*** Begin section ***

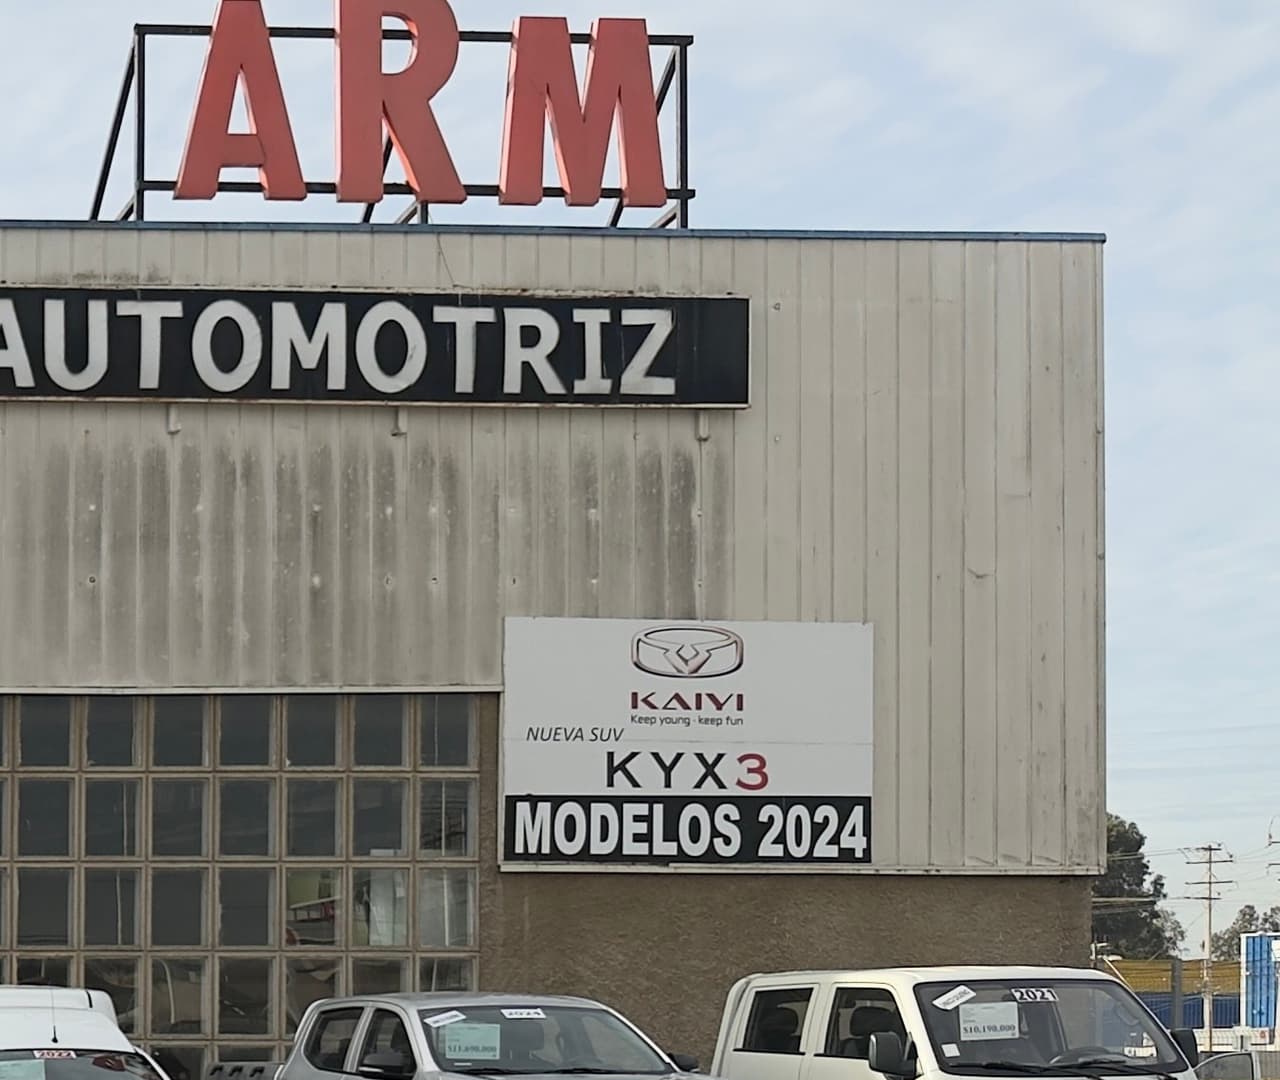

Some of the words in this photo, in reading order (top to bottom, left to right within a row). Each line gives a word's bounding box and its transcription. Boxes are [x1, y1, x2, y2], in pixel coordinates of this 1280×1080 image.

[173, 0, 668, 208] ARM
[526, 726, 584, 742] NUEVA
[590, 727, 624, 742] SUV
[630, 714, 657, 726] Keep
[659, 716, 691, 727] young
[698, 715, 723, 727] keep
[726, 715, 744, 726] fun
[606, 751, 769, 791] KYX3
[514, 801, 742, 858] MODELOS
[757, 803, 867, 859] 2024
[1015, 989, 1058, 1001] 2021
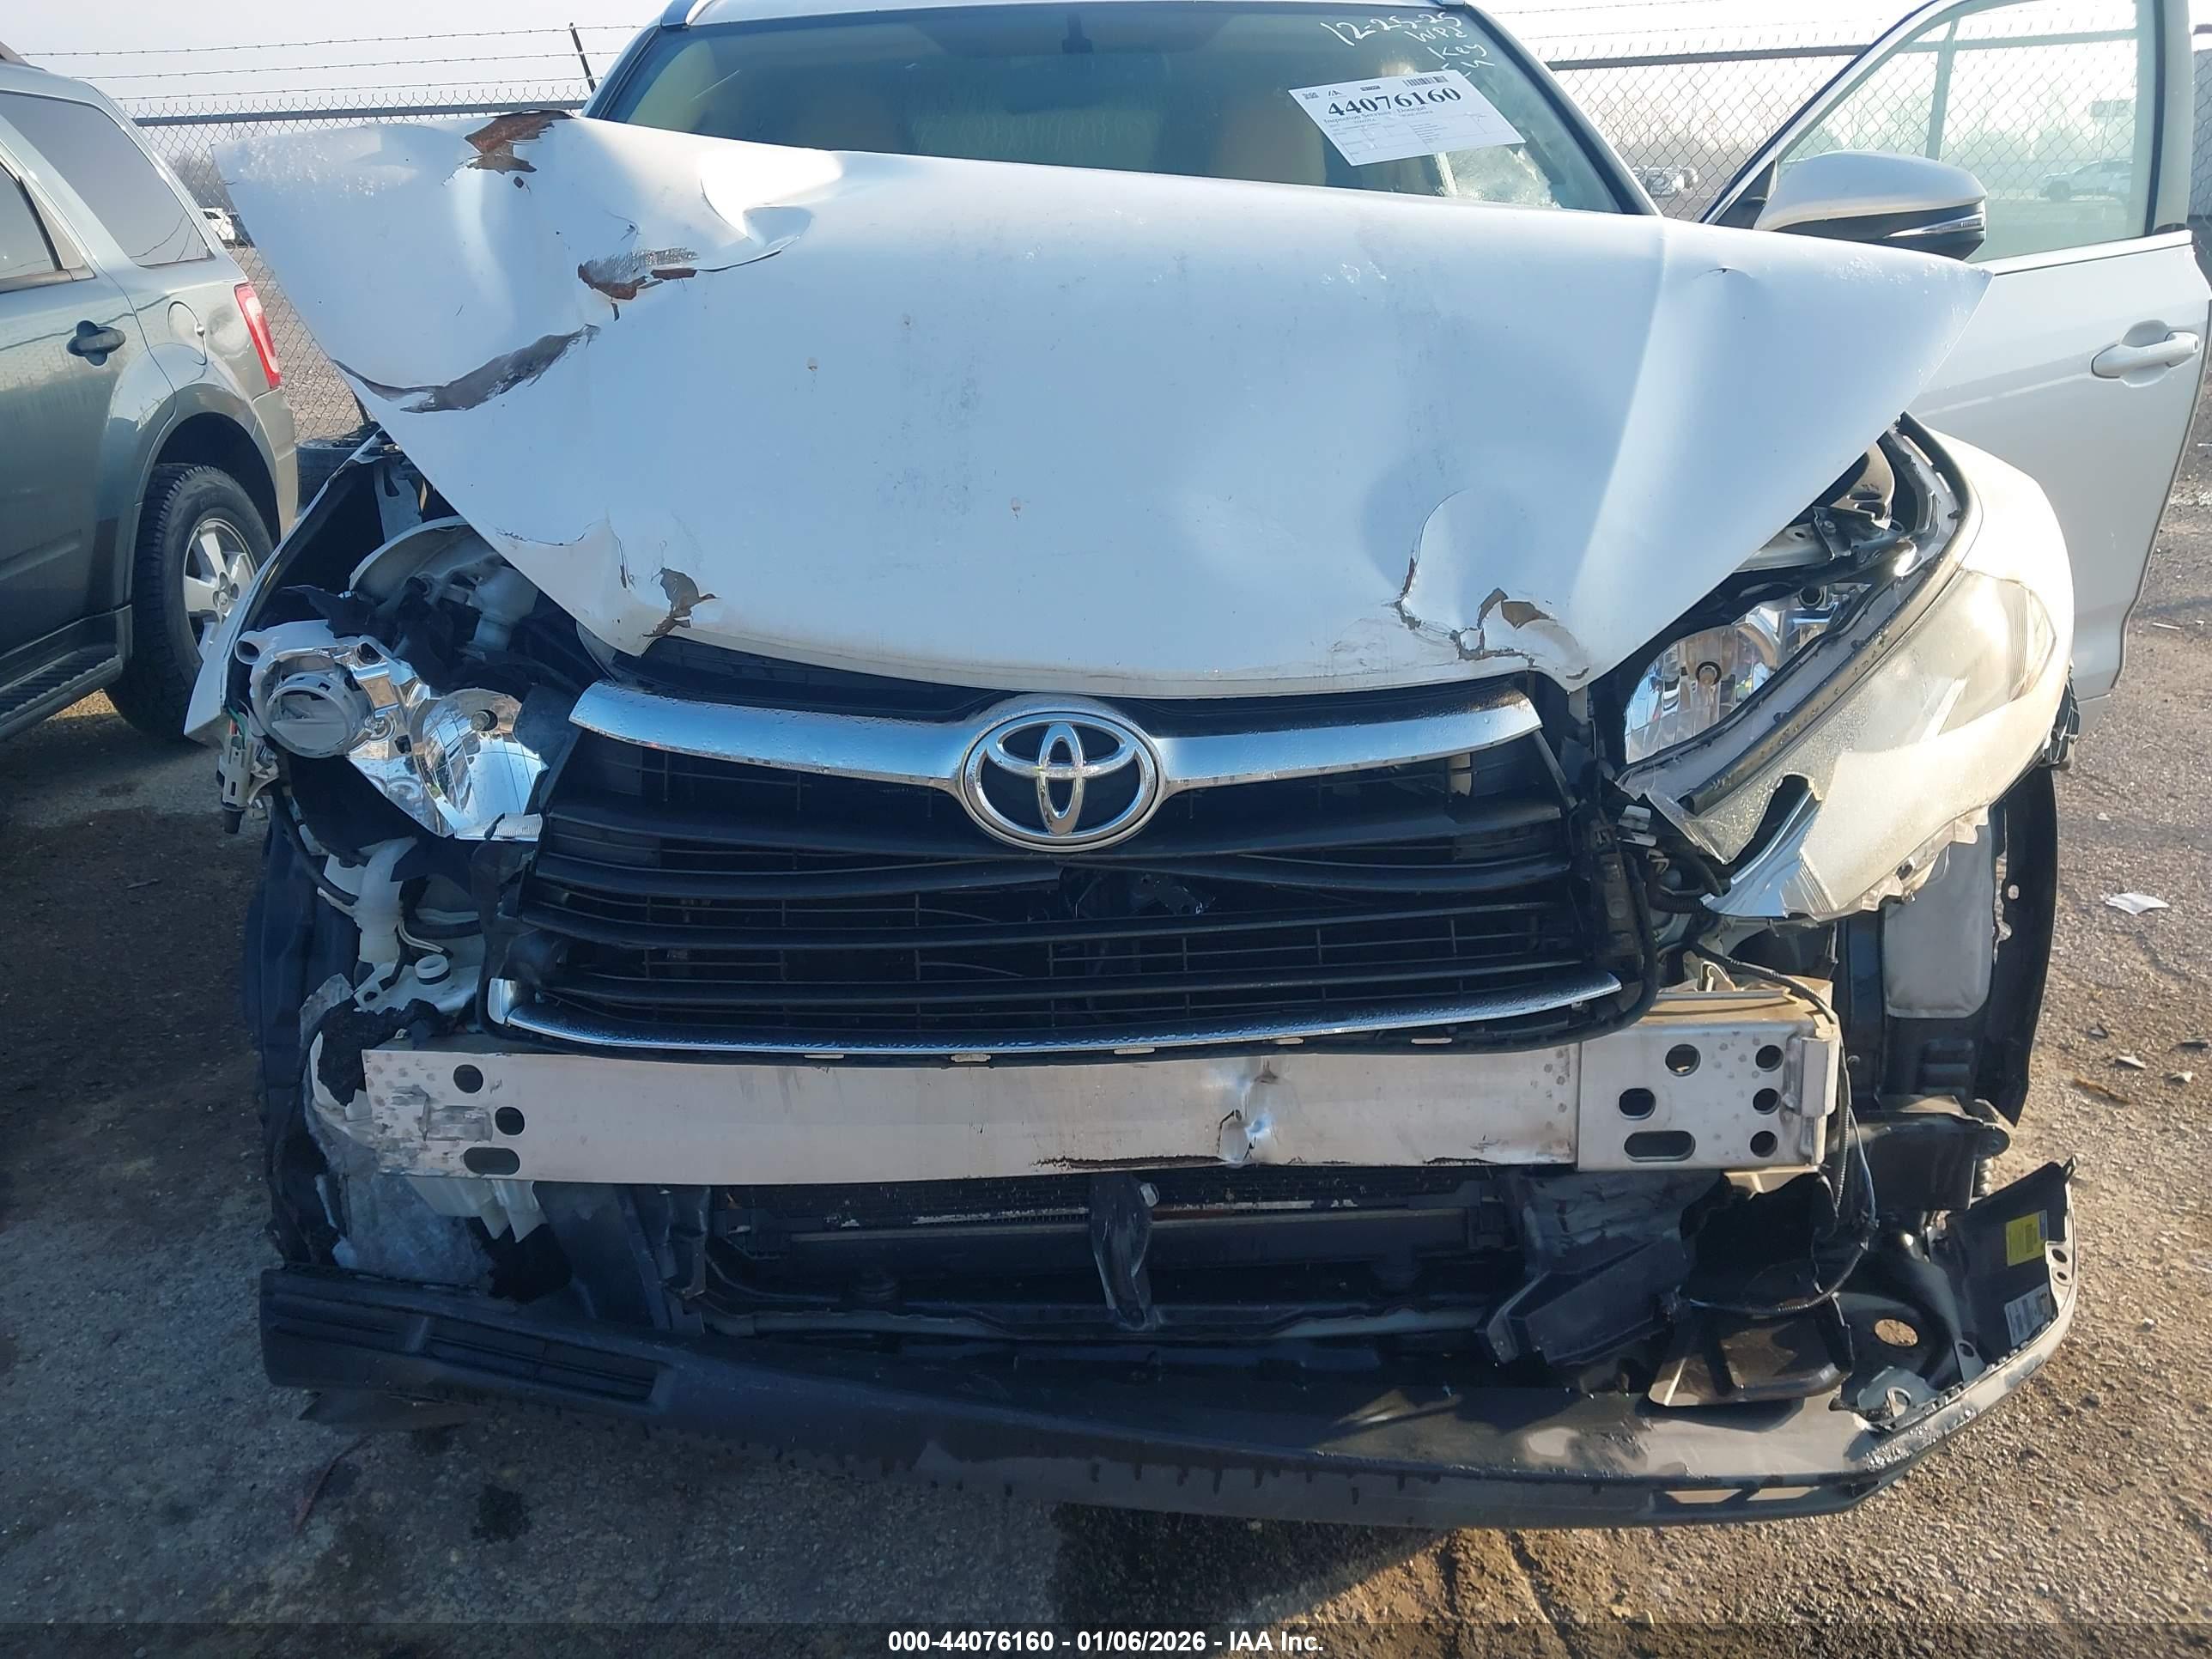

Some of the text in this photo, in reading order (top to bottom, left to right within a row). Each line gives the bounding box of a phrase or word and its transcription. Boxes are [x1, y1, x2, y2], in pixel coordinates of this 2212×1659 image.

*** End section ***
*** Begin section ***

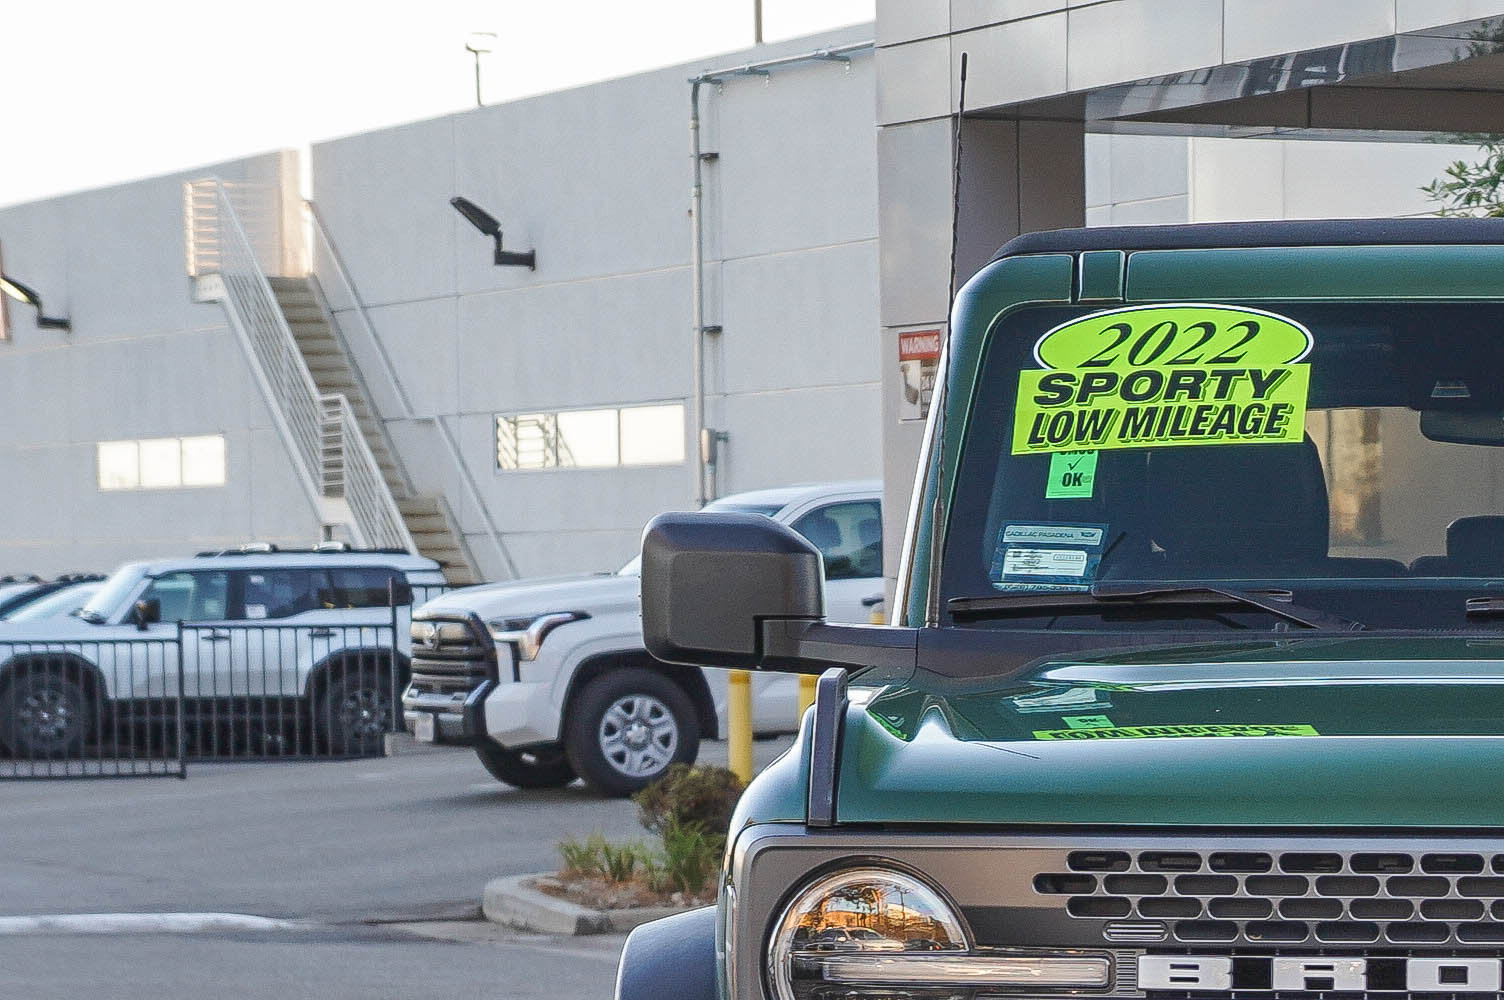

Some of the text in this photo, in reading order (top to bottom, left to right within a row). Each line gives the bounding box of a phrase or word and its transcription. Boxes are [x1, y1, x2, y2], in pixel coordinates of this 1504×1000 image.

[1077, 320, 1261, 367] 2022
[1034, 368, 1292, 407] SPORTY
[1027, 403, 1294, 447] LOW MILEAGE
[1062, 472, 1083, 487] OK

*** End section ***

**Instructions for the task**
Taking the entries above, copy word for word the lines from the one with "Some of the words" up to and including the one with "this 2212×1659 image.", without any picture.

**Written reply**
Some of the words in this photo, in reading order (top to bottom, left to right within a row). Each line gives a word's bounding box and its transcription. Boxes are [x1, y1, x2, y2], in pixel coordinates of this 1280×1080 image.

[173, 0, 668, 208] ARM
[526, 726, 584, 742] NUEVA
[590, 727, 624, 742] SUV
[630, 714, 657, 726] Keep
[659, 716, 691, 727] young
[698, 715, 723, 727] keep
[726, 715, 744, 726] fun
[606, 751, 769, 791] KYX3
[514, 801, 742, 858] MODELOS
[757, 803, 867, 859] 2024
[1015, 989, 1058, 1001] 2021

Some of the text in this photo, in reading order (top to bottom, left to right within a row). Each line gives the bounding box of a phrase or word and its transcription. Boxes are [x1, y1, x2, y2], in pixel coordinates of this 2212×1659 image.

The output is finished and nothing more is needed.